As I dialed the firm, I spotted the agonizingly distant Manhattan skyline through a break of parkway trees. Goddammit. We needed to be there yesterday. Had Mooney struck yet? Would he hit his office? Were we too late?

“Ericsson, Weymouth and Roth. May I put you on hold?” said a pleasant female voice.

“Hell, no!” I yelled. “This is Detective Mike Bennett of the NYPD. This is extremely urgent. I need to know if Francis X. Mooney came to work today.”

“Mr. Mooney? He’s one of our senior partners. I can patch you through to his voice mail,” the voice said.

“Listen to me!” I screamed. “We have reason to believe Mr.

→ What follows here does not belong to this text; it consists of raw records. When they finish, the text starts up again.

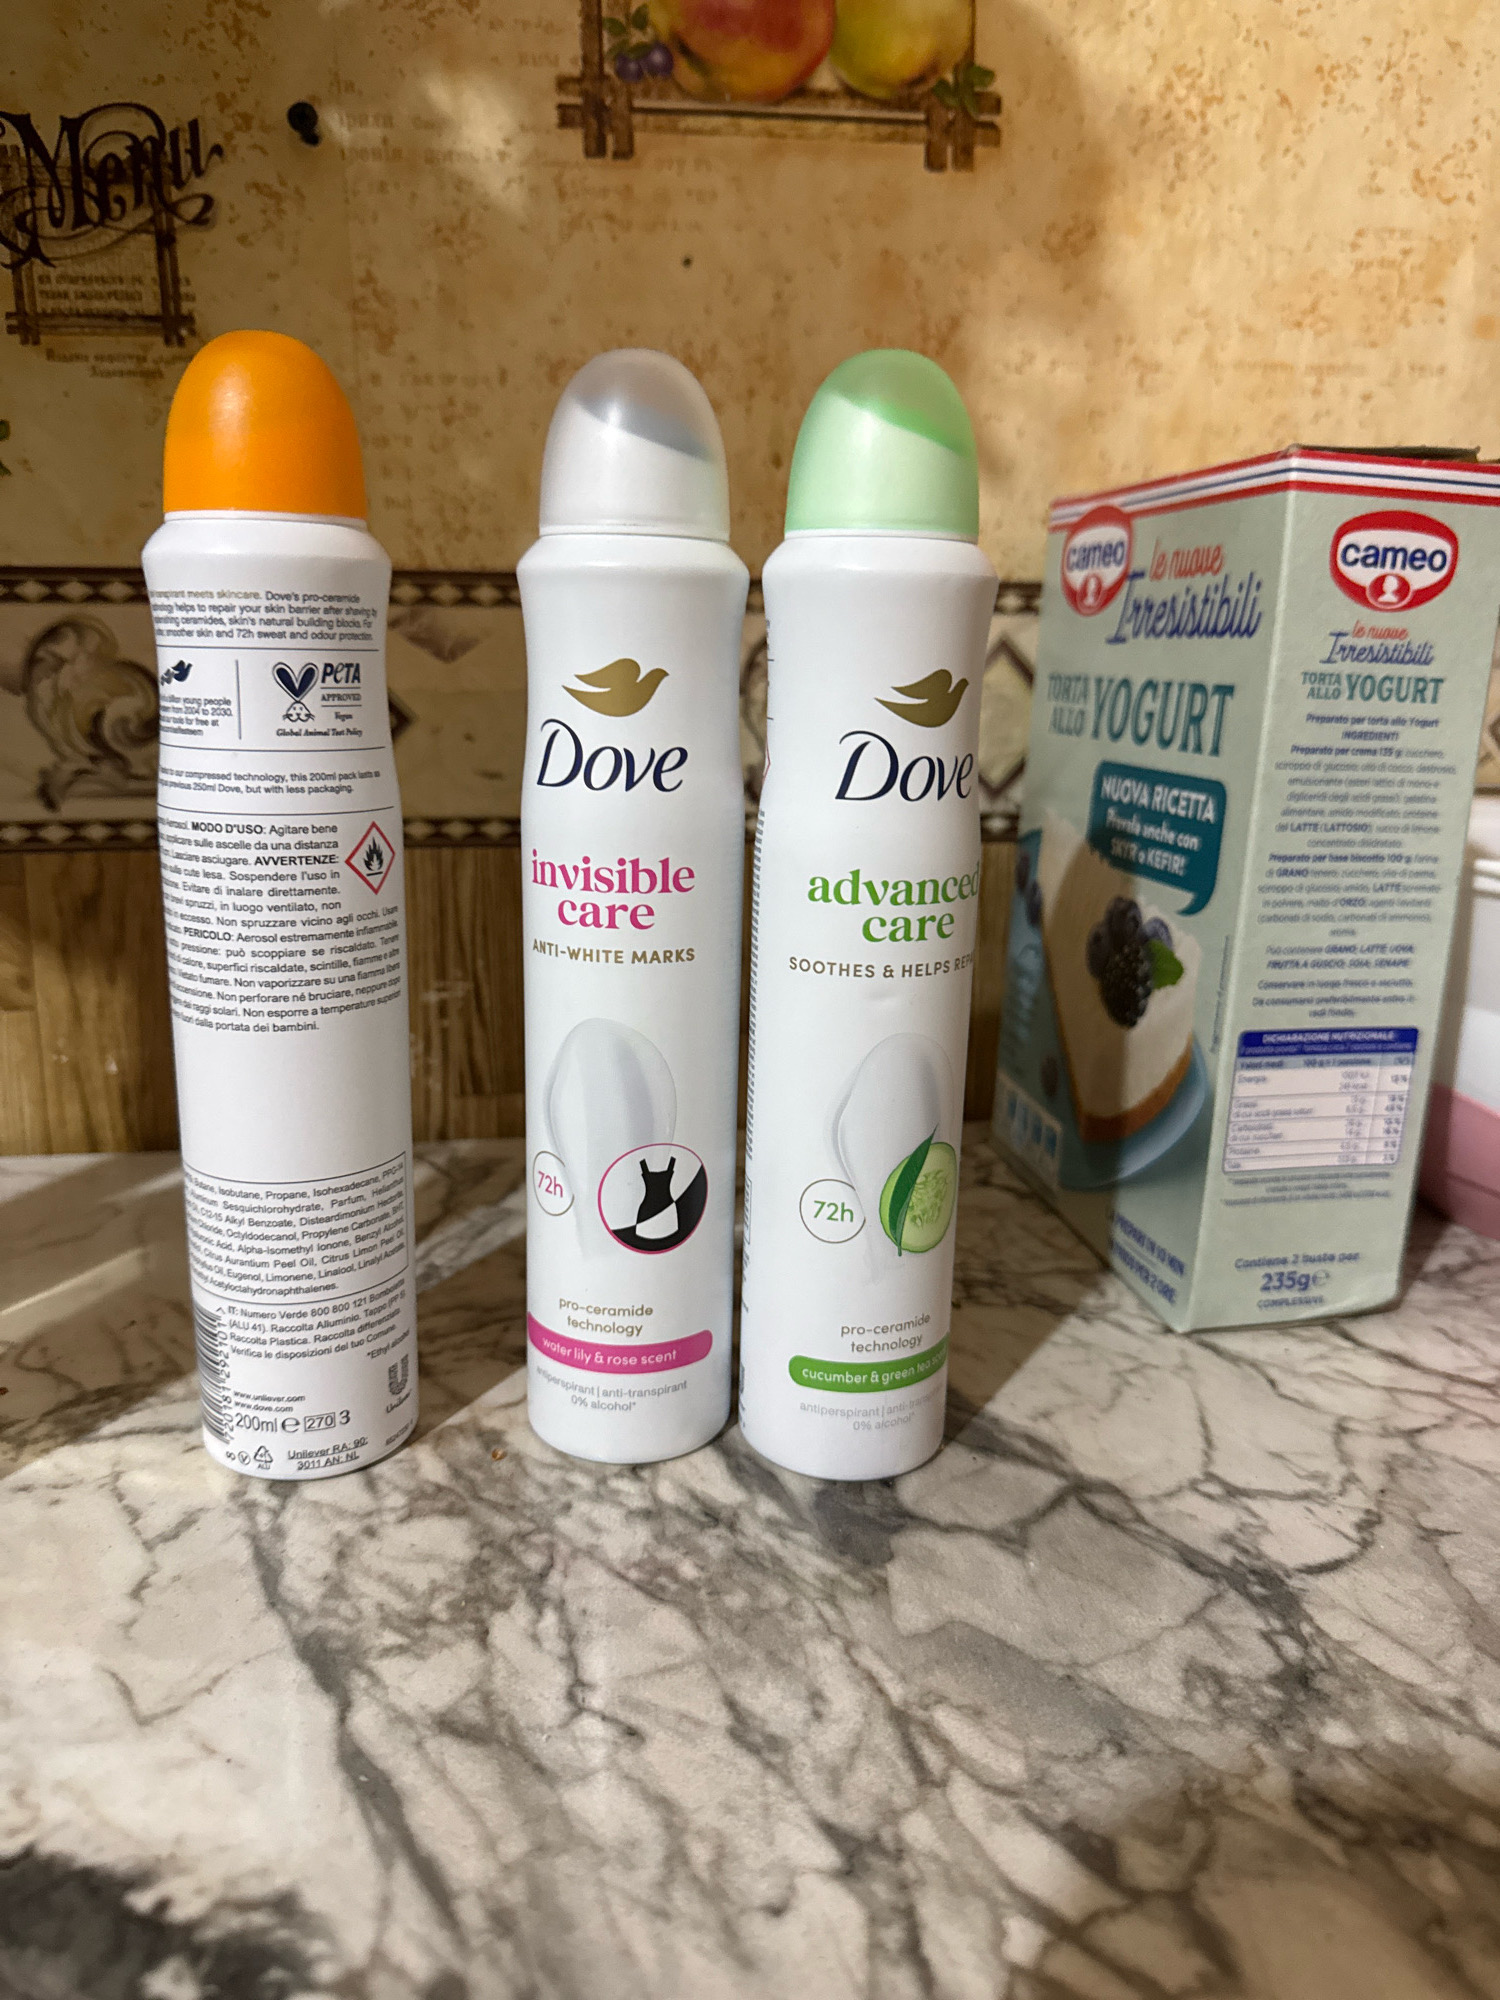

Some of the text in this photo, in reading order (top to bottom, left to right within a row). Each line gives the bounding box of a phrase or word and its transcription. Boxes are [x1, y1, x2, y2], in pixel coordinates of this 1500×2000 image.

[0, 103, 223, 266] Menu
[1066, 540, 1126, 572] cameo
[1341, 544, 1448, 572] cameo
[266, 590, 299, 601] Dove's
[240, 605, 320, 614] your skin barrier
[229, 616, 334, 630] skin's natural building
[216, 629, 234, 638] and
[236, 629, 254, 638] 72h
[257, 631, 286, 639] sweat
[290, 630, 308, 639] and
[1302, 671, 1342, 686] TORTA
[1306, 686, 1342, 700] ALLO
[1346, 674, 1446, 704] YOGURT
[1091, 677, 1235, 757] YOGURT
[536, 718, 688, 792] Dove
[835, 730, 974, 802] Dove
[234, 772, 336, 783] technology, this 200ml
[218, 784, 243, 794] Dove,
[1101, 775, 1216, 824] NUOVA RICETTA
[192, 822, 223, 832] MODO
[269, 825, 308, 837] Agitare
[311, 824, 338, 834] bene
[216, 840, 338, 850] ascelle da una distanza
[230, 870, 297, 882] Sospendere
[532, 848, 696, 894] invisible
[226, 886, 263, 896] inalare
[808, 860, 980, 906] advanced
[233, 902, 264, 914] luogo
[558, 900, 655, 930] care
[241, 914, 354, 928] spruzzare vicino agli
[862, 912, 954, 943] care
[236, 933, 278, 942] Aerosol
[280, 930, 354, 942] estremamente
[251, 948, 306, 959] scoppiare
[533, 938, 695, 964] ANTI-WHITE MARKS
[789, 956, 875, 978] SOOTHES
[882, 964, 895, 978] &
[902, 960, 950, 978] HELPS
[240, 994, 290, 1004] perforare
[267, 1009, 309, 1019] esporre
[216, 1022, 250, 1032] portata
[538, 1171, 564, 1198] 72h
[814, 1200, 854, 1222] 72h
[1261, 1270, 1311, 1292] 235g
[311, 1306, 330, 1317] 800
[332, 1302, 350, 1314] 800
[559, 1298, 654, 1317] pro-ceramide
[567, 1316, 643, 1336] technology
[840, 1312, 931, 1338] pro-ceramide
[542, 1338, 676, 1366] water lily & rose scent
[851, 1334, 922, 1353] technology
[802, 1366, 915, 1385] cucumber & green
[602, 1380, 688, 1398] anti-transpirant
[572, 1395, 588, 1408] 0%
[800, 1400, 880, 1418] antiperspirant
[236, 1412, 334, 1433] 200ml 270
[852, 1420, 872, 1431] 0%
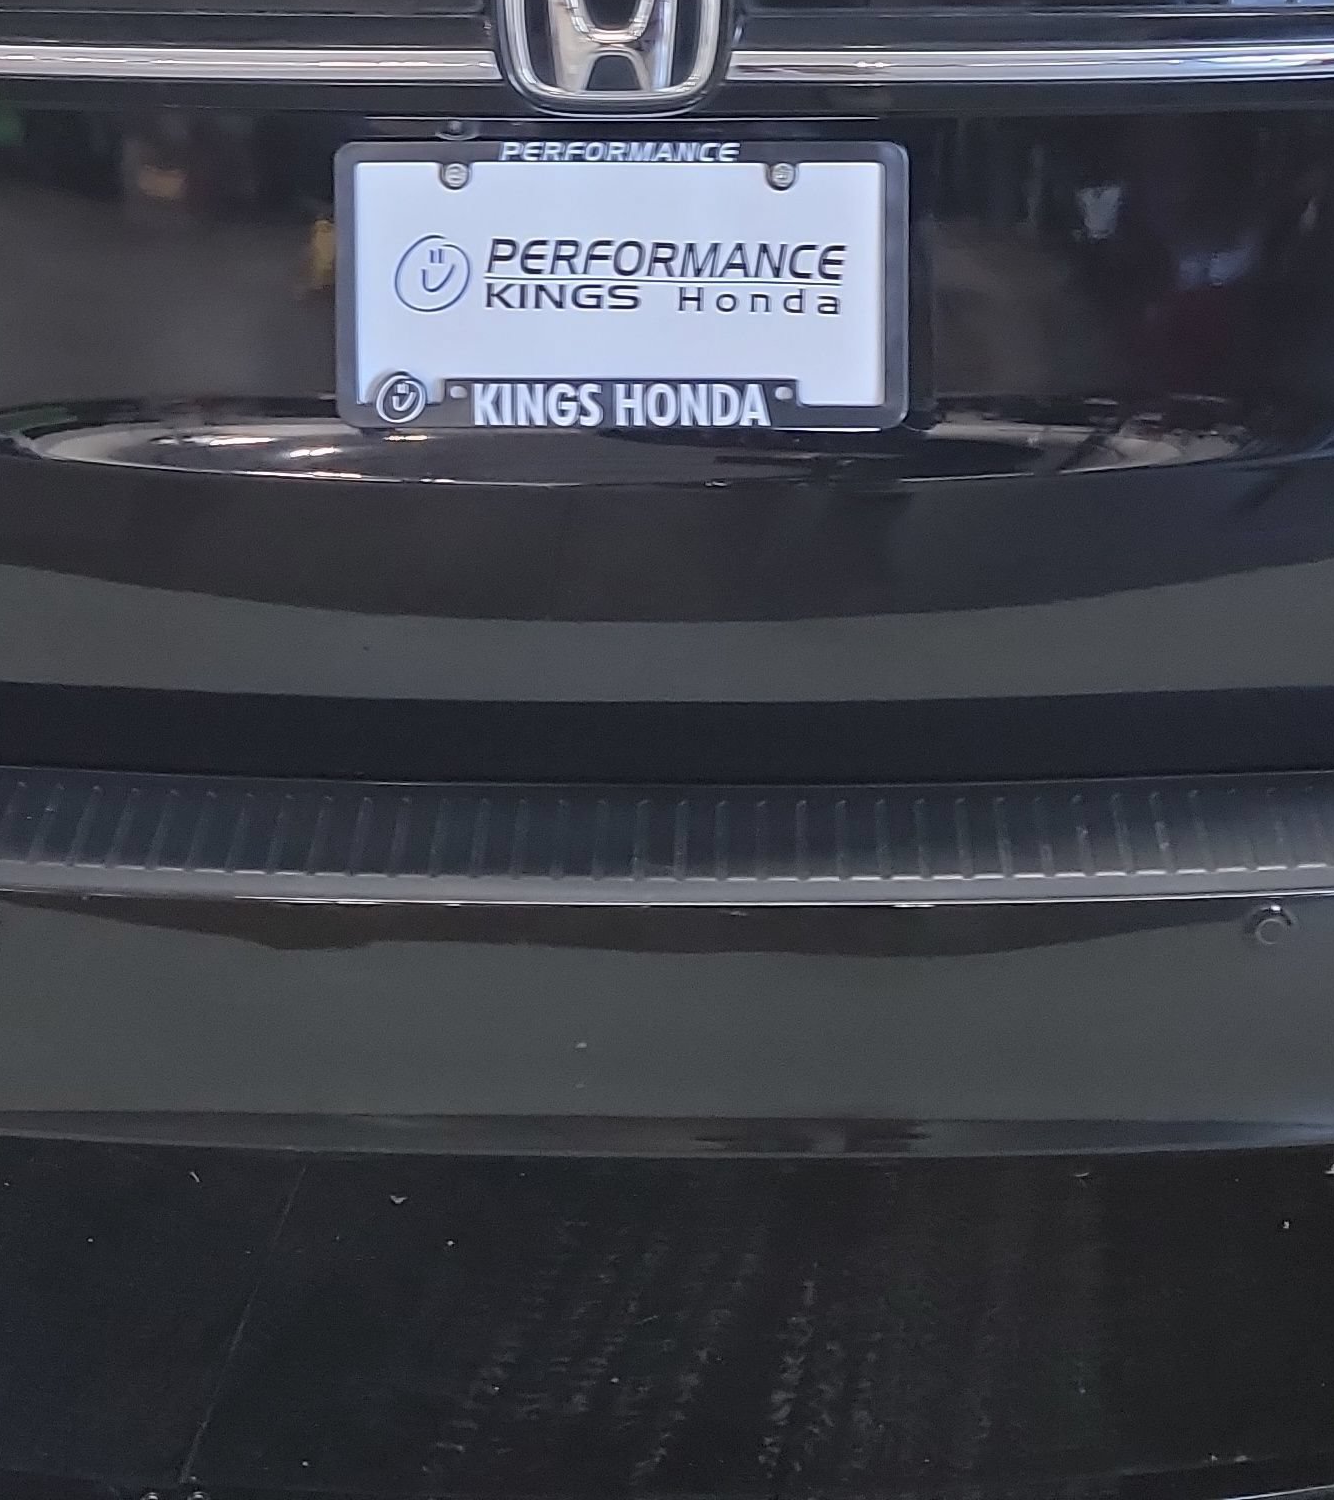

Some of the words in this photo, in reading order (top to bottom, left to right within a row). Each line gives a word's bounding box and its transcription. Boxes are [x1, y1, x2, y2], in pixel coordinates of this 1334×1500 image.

[499, 141, 740, 162] PERFORMANCE
[486, 238, 848, 280] PERFORMANCE
[485, 283, 641, 309] KINGS
[679, 287, 841, 315] Honda
[473, 383, 603, 426] KINGS
[615, 383, 771, 427] HONDA
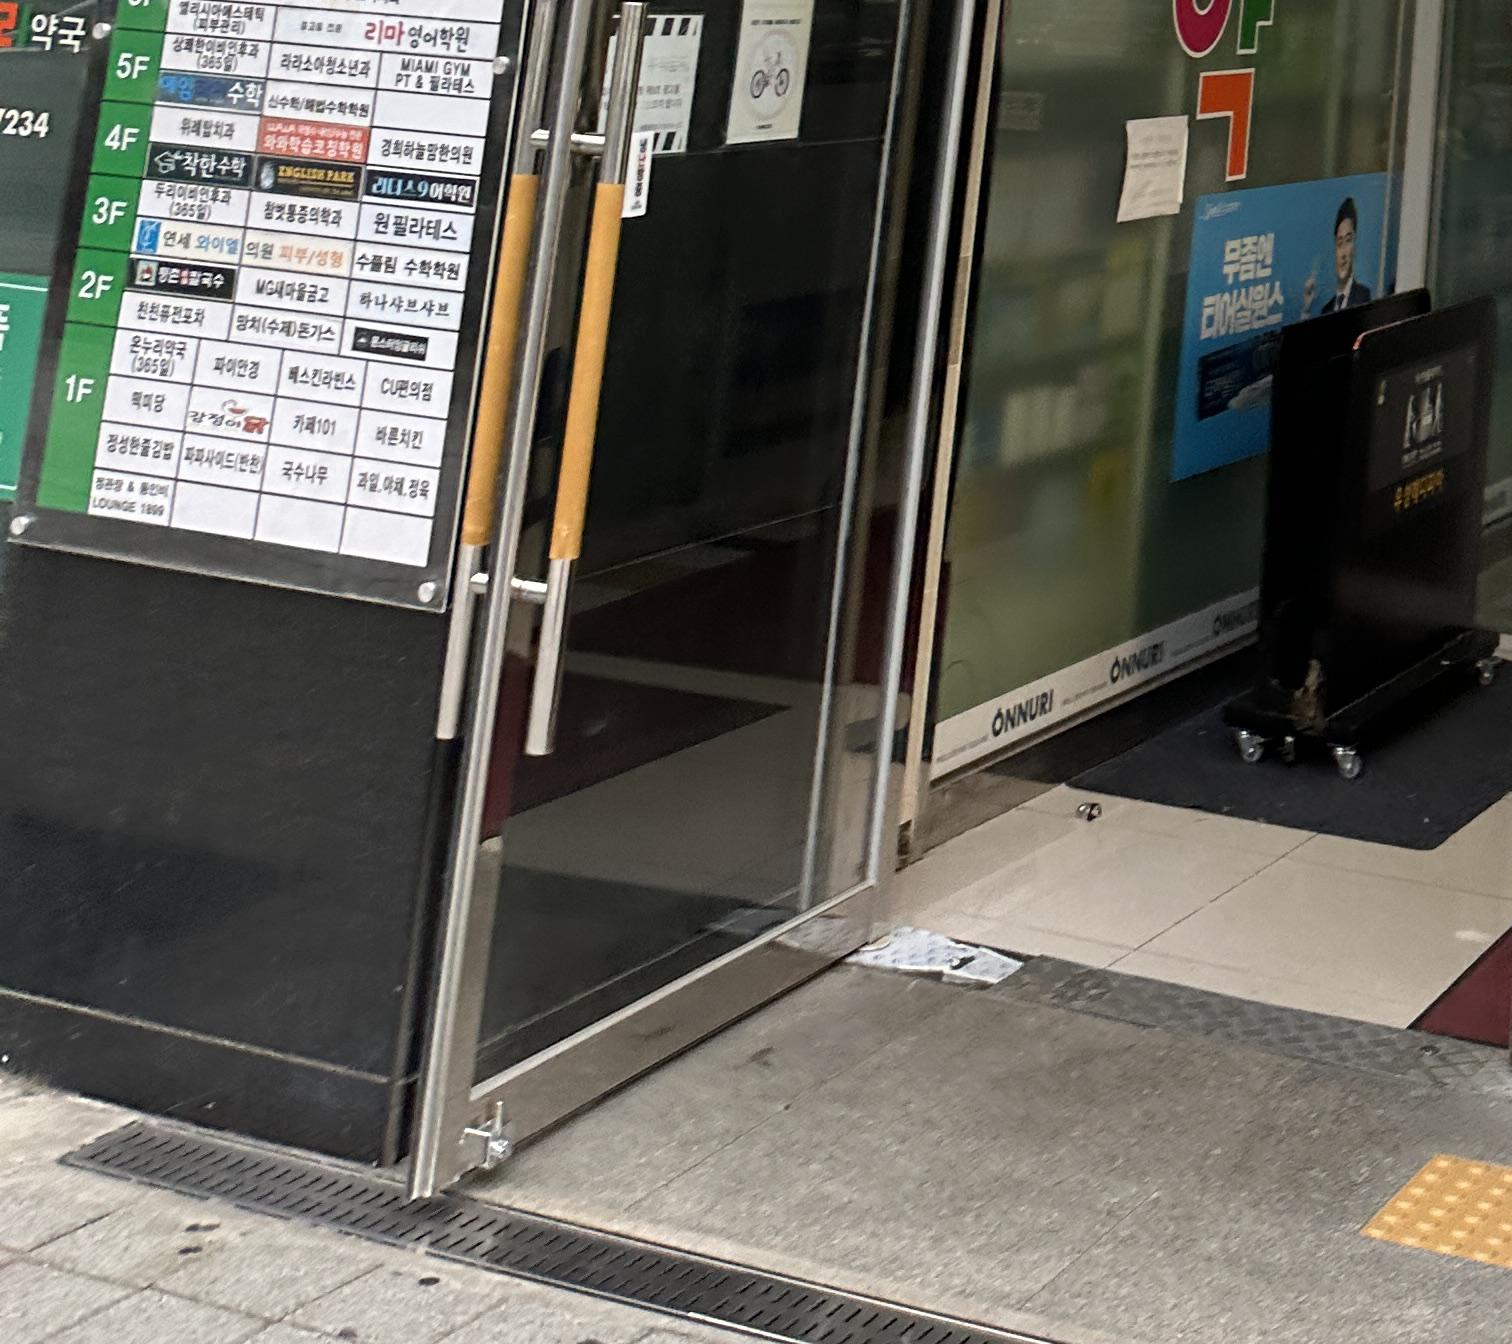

Mooney is armed and extremely dangerous, suicidal, and homicidal. Has he come in? Yes or no?”

“Oh, my God!” the woman said. “I’m not sure.”

“Check now!” I yelled.

The phone thumped down.

“I just spoke to his secretary,” the receptionist said. “He’s not here. The office manager is right here, though.”

“This is Ted Provencal,” said a man a moment later.

“Mike Bennett from the NYPD. We have reason to believe that your coworker Francis Mooney is responsible for the rash of recent teenage killings.”

I heard the man breathing heavily. He seemed stunned.

“Francis?” he said. “Francis?!”

“I know it’s a shock. But I need as much information about him as I can gather. Where is he right now?”

“I don’t know. He has no meetings scheduled. Francis has been in and out recently. Ever since he was diagnosed with lung cancer, we rolled his casework back. He’s been on flex time.”

So that explained the drug, I thought.

“Mooney has cancer?” I said.

“Stage four, non-small-cell,” the man said. “He found out three months ago. Too far gone to even do surgery, the poor guy. He was a two-pack-a-day man. We begged him to quit. Offered him incentives. It seemed so stupid for such a brilliant man.”

“He’s smart? How smart?”

“Without question one of the smartest men I’ve ever known. And meticulous? If he ever missed a detail in a contract or a will, I never heard about it. He was the head of our Estates and Trusts division. One of the most popular people in the whole firm, too, with both colleagues and clients. He even ran our pro bono department. I mean, are you a hundred percent sure he’s involved? That horrible thing from the paper? Those kids who were shot? It’s truly unbelievable. Are you sure?”